21 Sep 2015 20:15 IST

Digital roots to drive growth

Niche focus and expanding digital business have helped the company expand

Investors with a medium to long-term horizon can consider buying the stock of Mindtree. It is down about 15 per cent since April due to the broader market correction.

At ₹1,399, the stock trades at about 17 times its estimated earnings of 2016-17. This is marginally expensive compared with peers such as Cyient, Persistent Systems and Hexaware (trading at about 15-16 times), but seems justified, given Mindtree’s strong June quarter results and good revenue growth visibility from new orders.

In the recent June quarter, Mindtree reported a 4.8 per cent sequential sales growth to $141.3 million, much better than the 0.1 per cent growth in the March quarter. In rupee terms, revenue in the June quarter grew 6.9 per cent to ₹982 crore.

Increase in contribution from digital revenue, healthy growth in BFSI and retail verticals helped. The BFSI segment that contributes to a fourth of revenue recorded a 10.5 per cent growth sequentially.

Among service lines, application maintenance reported 9 per cent growth and IMTS (infrastructure management and tech support) grew 6 per cent.

Peers Cyient, Persistent Systems and KPIT Technologies reported drop in revenues in the June quarter.

The company’s niche focus (BFSI, retail, manufacturing and hospitality largely), proven execution skills and an aggressive ramp-up of the digital business are arguments in favour of the stock.

In the June quarter, the company reported attrition at a reasonable 18.4 per cent, a tad higher than the 18.2 per cent in the previous quarter.
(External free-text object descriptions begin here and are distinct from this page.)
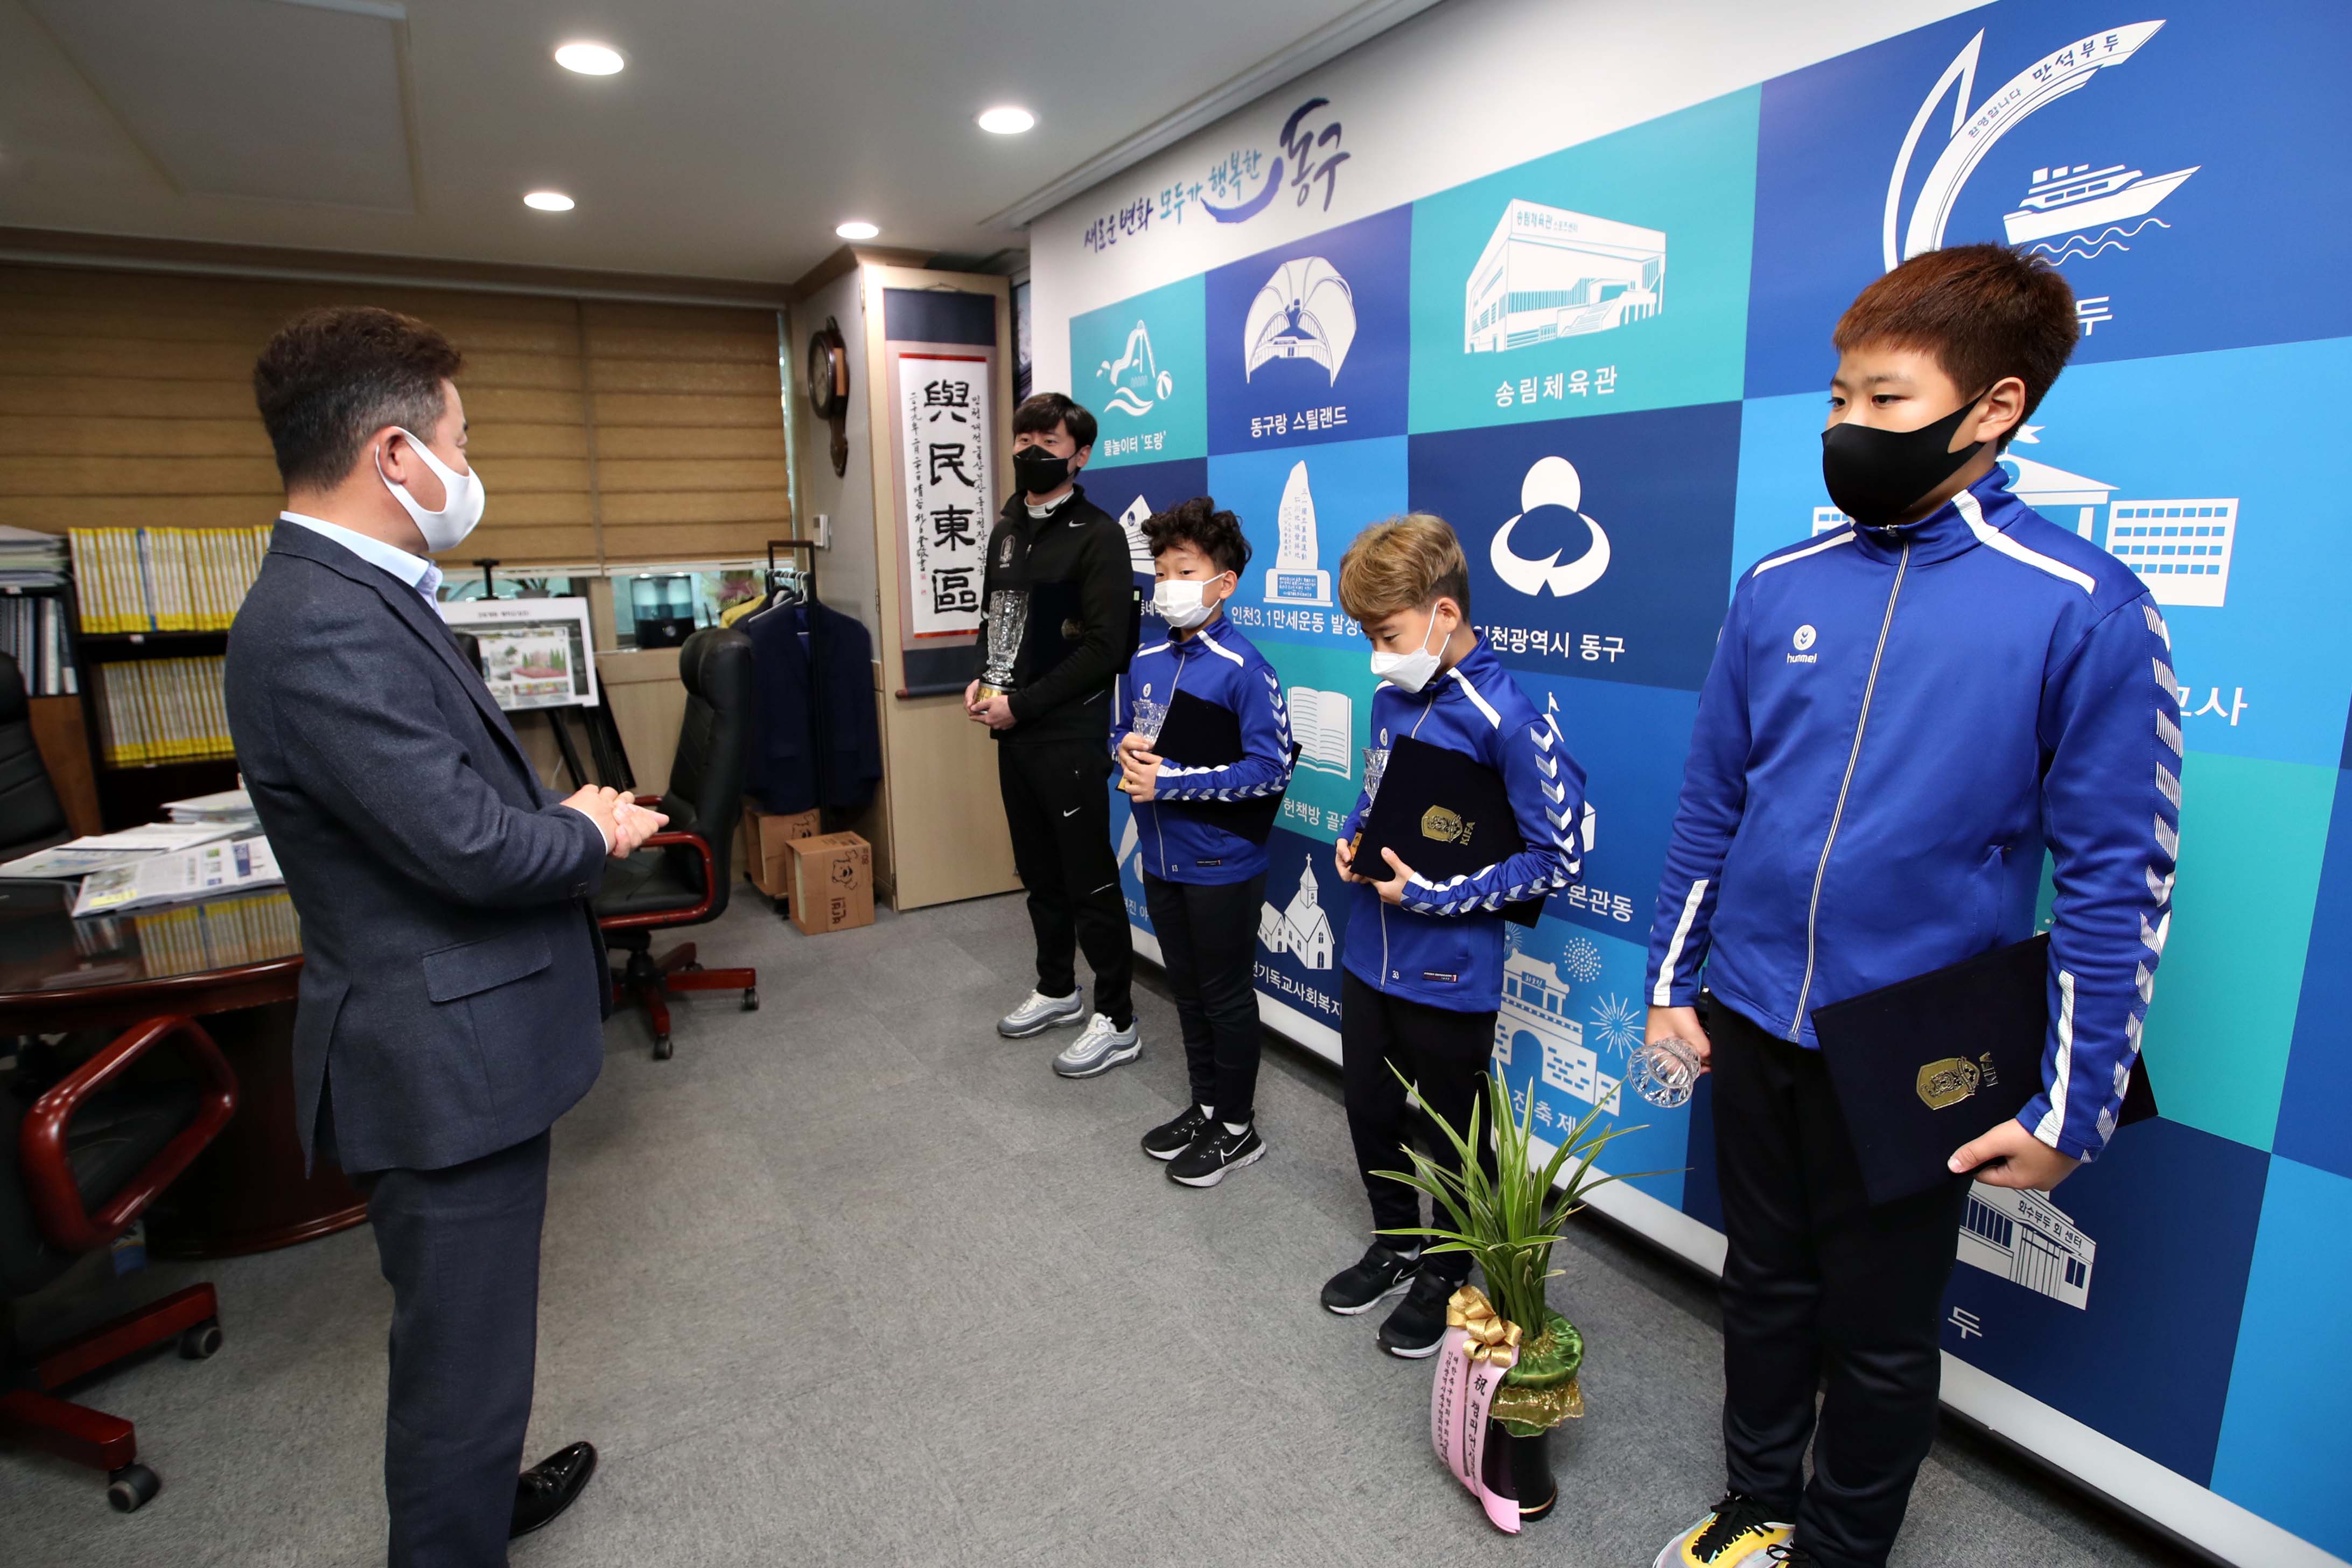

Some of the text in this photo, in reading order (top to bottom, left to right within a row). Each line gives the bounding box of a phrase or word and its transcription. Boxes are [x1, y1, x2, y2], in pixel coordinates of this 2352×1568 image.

[1968, 34, 2119, 138] 환영합니다 만석부두
[1084, 97, 1351, 253] 새로운 변화 모두가 행복한 동구
[1495, 365, 1618, 408] 송림체육관
[1250, 405, 1348, 438] 동구랑 스틸랜드
[1104, 439, 1138, 457] 물놀이터
[1231, 606, 1363, 636] 인천3.1만세운동 발상
[1580, 634, 1625, 663] 동구
[1787, 653, 1817, 663] hummel
[1283, 797, 1321, 825] 헌책방
[1567, 885, 1634, 922] 본관동
[2018, 1200, 2082, 1249] 화수부두 회 센터
[1947, 1305, 1983, 1340] 두
[1474, 1373, 1488, 1396] 祝
But the utilisation rate improved marginally to 71.9 per cent from 71.1 per cent.

Improved revenue visibility

In 2014-15, Mindtree’s revenue grew 16.4 per cent. For 2015-16, the company is confident of beating Nasscom’s estimate of 12-14 per cent growth for the industry. This looks achievable, given the renewed traction in orders for the company. In the June 2015 quarter, Mindtree reported total order wins of $208 million — the strongest in the last several quarters and up from the March quarter’s $164 million.
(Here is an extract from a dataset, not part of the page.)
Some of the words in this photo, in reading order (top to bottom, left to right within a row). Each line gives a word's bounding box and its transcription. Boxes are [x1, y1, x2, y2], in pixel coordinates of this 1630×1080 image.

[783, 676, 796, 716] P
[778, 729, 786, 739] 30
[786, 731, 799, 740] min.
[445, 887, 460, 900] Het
Of the new orders, projects worth $159 million are scheduled for execution in the current year. The company added one new client to the $50-million-plus category in the June quarter.

Now, with the US economy too showing green shoots, outlook is positive. Mindtree derives over 60 per cent of its revenue from North America. In the June quarter, the company saw its US business record 9 per cent sequential growth (in dollar terms), more than making up for the 3.1 per cent decline in revenue from Europe.
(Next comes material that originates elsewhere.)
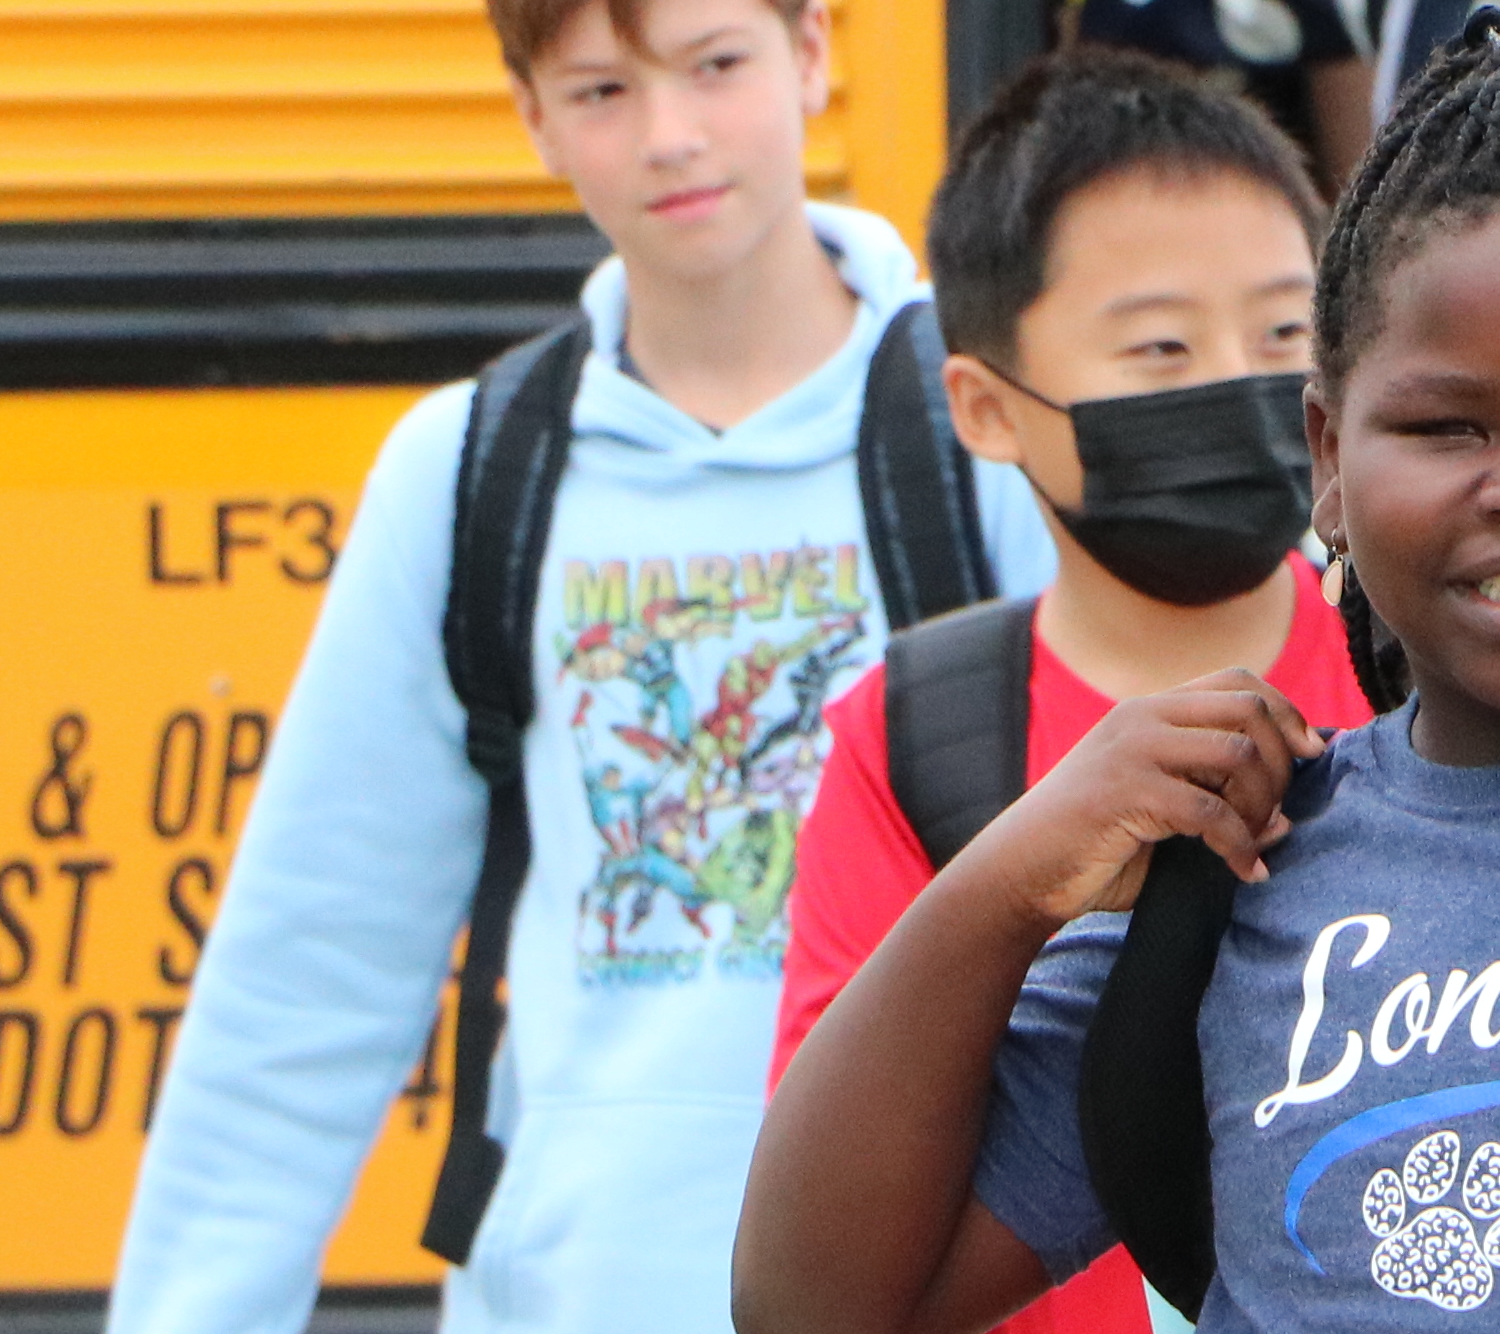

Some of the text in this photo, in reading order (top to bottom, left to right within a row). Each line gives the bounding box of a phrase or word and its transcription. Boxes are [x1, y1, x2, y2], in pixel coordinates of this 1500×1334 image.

The ADMS (IT application, development and maintenance services) business has also picked up pace and was a major revenue driver in the June quarter. Mindtree has been aggressively expanding its digital presence through acquisitions.

In the June quarter, it acquired Bluefin Solutions and Relational Solutions, both established businesses in the digital space. Bluefin Solutions is a UK company that specialises in SAP HANA and provides analytics on transaction data on real time basis. Relational Solutions is a US-based company that provides analytic solution to CPG (consumer packaged goods) companies. It has about 30 big CPG clients, including two of the global top 10 FMCG companies. Both the acquisitions will add to Mindtree’s earnings and help cross-sell products in the US and the UK markets.

In the June quarter, digital business’ contribution to Mindtree’s revenue increased to 35 per cent, from 32 per cent in the March quarter. The digital business, which includes technologies for social, mobility, analytics and cloud (SMAC), grew 12 per cent sequentially, much faster than the overall 4.8 per cent growth.

Margins may remain weak

Globally, though IT spends are slowing, demand for digital solutions in retail, BFSI and hospitality sectors — Mindtree’s focus areas — are growing. The company’s aggressive moves to grow inorganically and build up its digital capabilities should benefit it in the coming years. But, in the near term, the investments that go into building the platform and the need to keep more employees onsite may add to pressure on margins.

Eventually, as the digital business attains large scale with a higher offshore component, margins should improve. In the June quarter, Mindtree’s operating margin of 17.6 per cent was down 190 basis points from the March quarter.

This was mainly due to higher visa cost as the company had applied for more visas due to a good pipeline of orders.